Among the entries below, only the lines from the one with "Some of the words" through the one with "this 1583×1584 image." are to be retyped, exactly and without pictures.

## [Data supplied]

------------------------------------------------------------

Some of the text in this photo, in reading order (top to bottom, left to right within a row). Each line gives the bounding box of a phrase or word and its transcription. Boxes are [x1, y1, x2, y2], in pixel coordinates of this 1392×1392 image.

------------------------------------------------------------

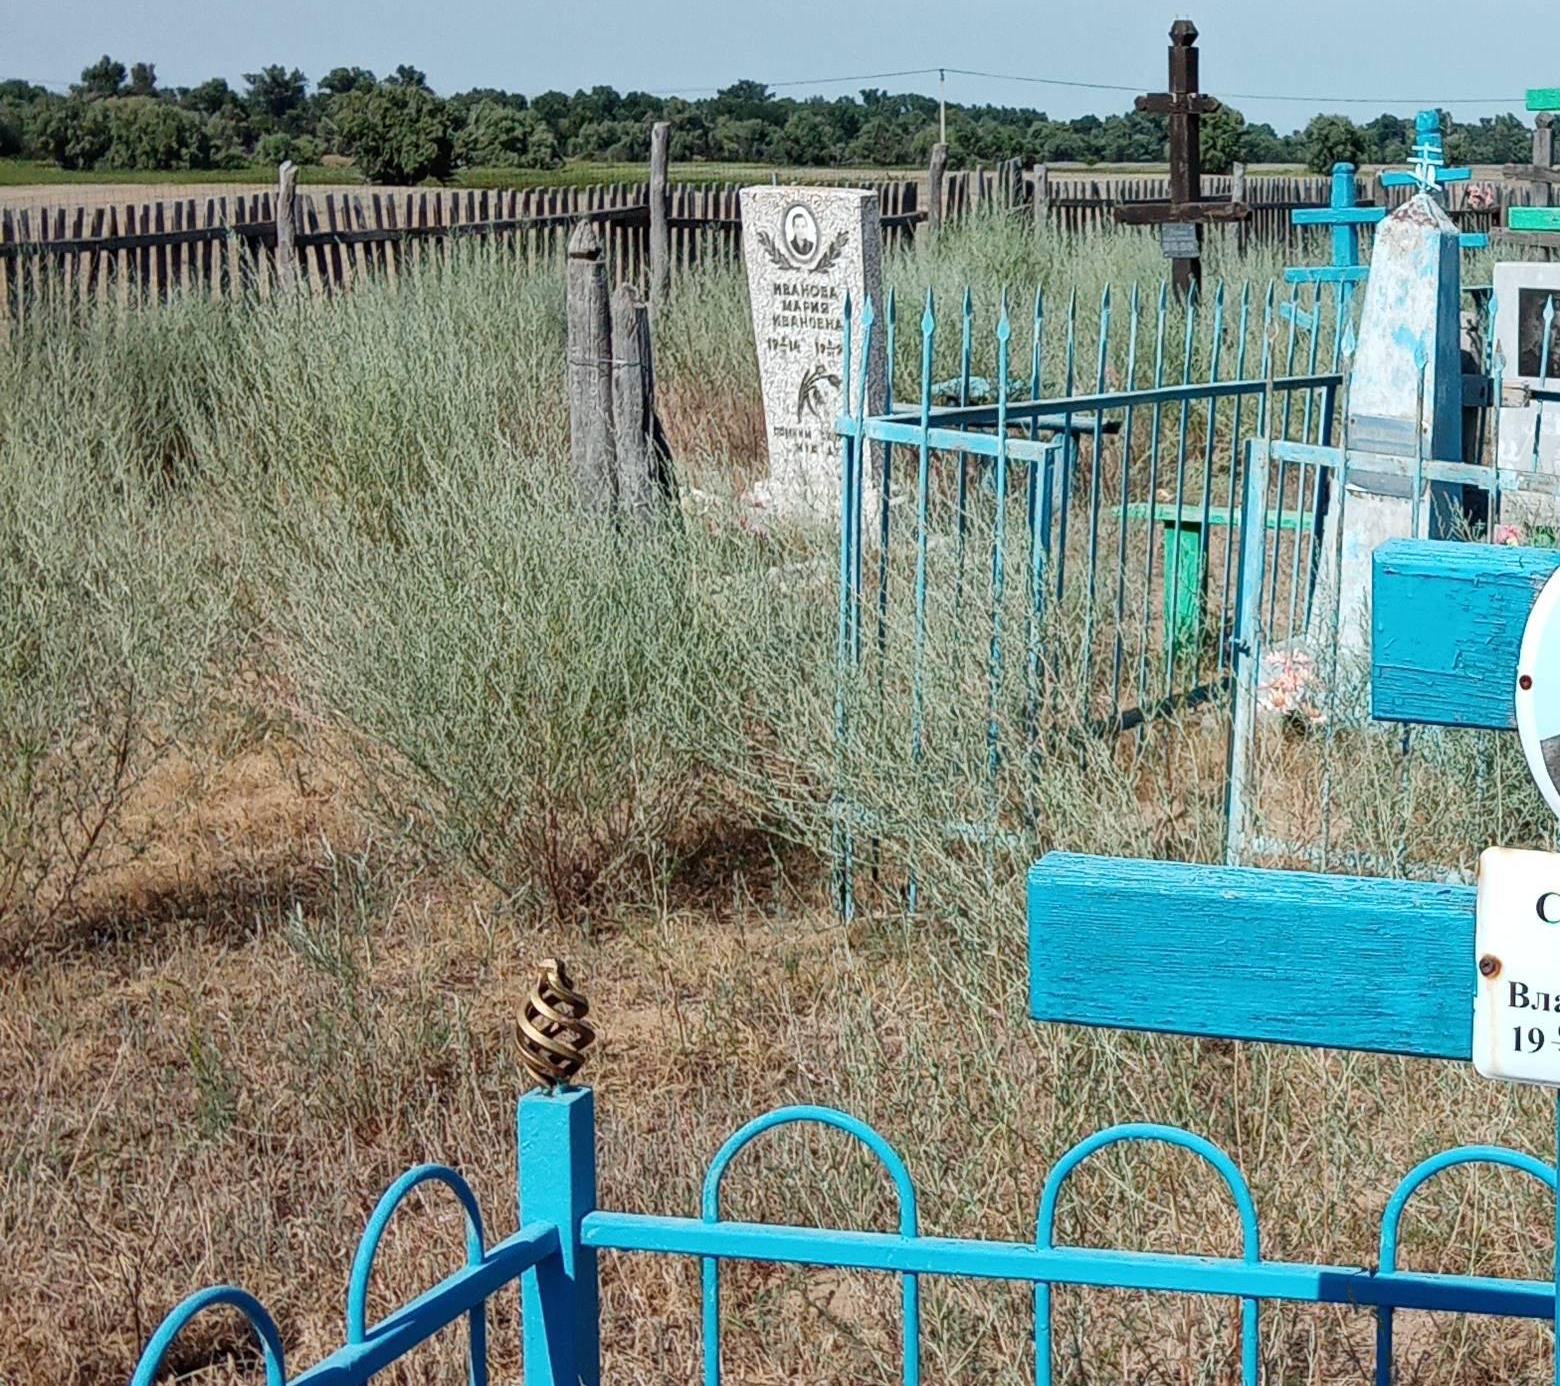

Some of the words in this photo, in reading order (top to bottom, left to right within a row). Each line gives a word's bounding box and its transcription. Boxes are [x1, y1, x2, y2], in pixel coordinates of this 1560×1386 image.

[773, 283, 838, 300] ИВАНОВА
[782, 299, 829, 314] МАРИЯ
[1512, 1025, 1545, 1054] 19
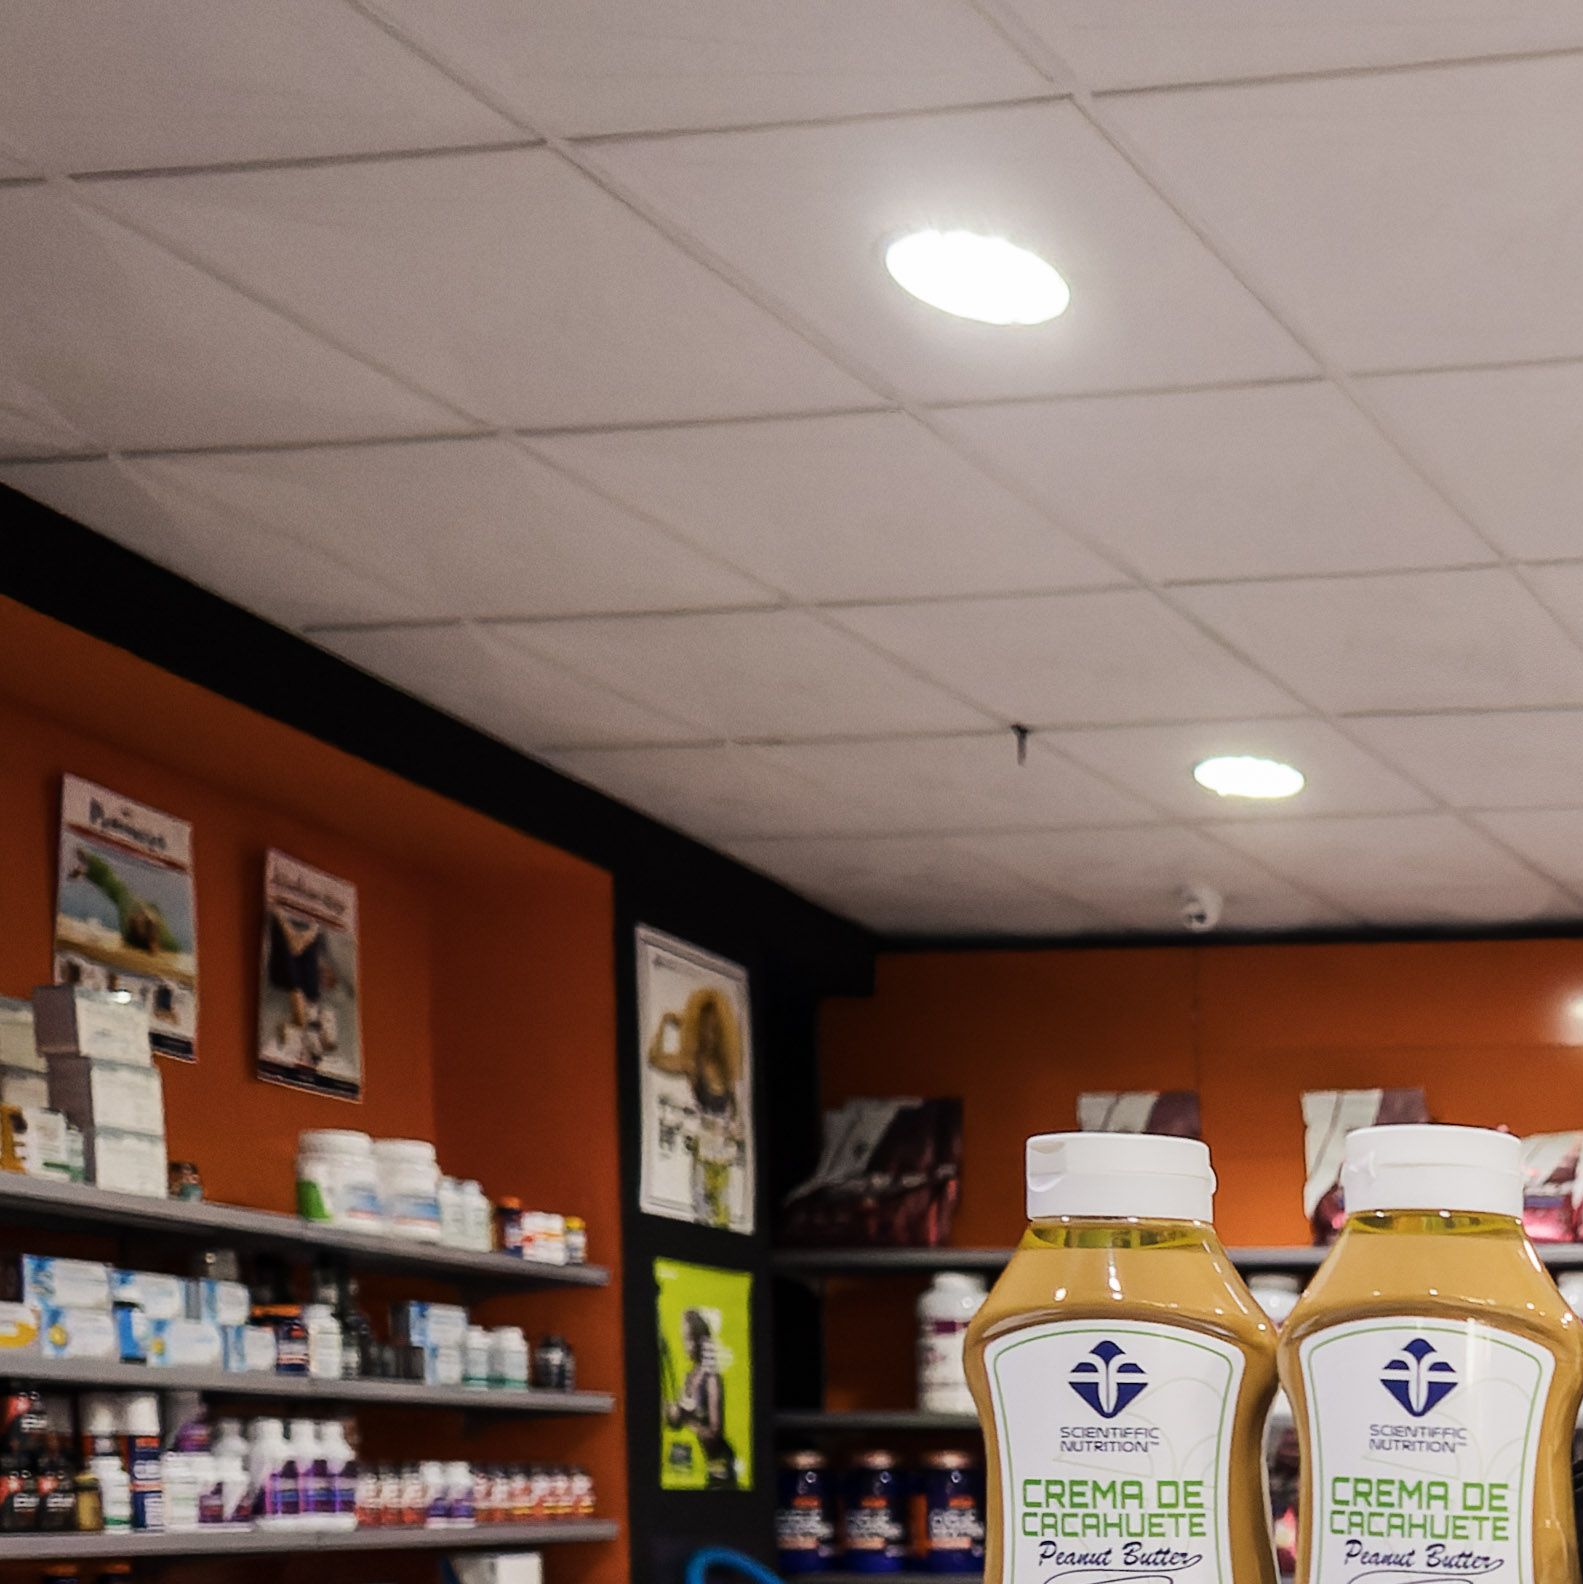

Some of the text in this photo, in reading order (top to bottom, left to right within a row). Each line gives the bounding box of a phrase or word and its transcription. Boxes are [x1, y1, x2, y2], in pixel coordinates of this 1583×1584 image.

------------------------------------------------------------

## [Written response]
Some of the words in this photo, in reading order (top to bottom, left to right within a row). Each line gives a word's bounding box and its transcription. Boxes are [x1, y1, x2, y2], in pixel coordinates of this 1560×1386 image.

[773, 283, 838, 300] ИВАНОВА
[782, 299, 829, 314] МАРИЯ
[1512, 1025, 1545, 1054] 19

Some of the text in this photo, in reading order (top to bottom, left to right within a row). Each line gives the bounding box of a phrase or word and its transcription. Boxes are [x1, y1, x2, y2], in pixel coordinates of this 1583×1584 image.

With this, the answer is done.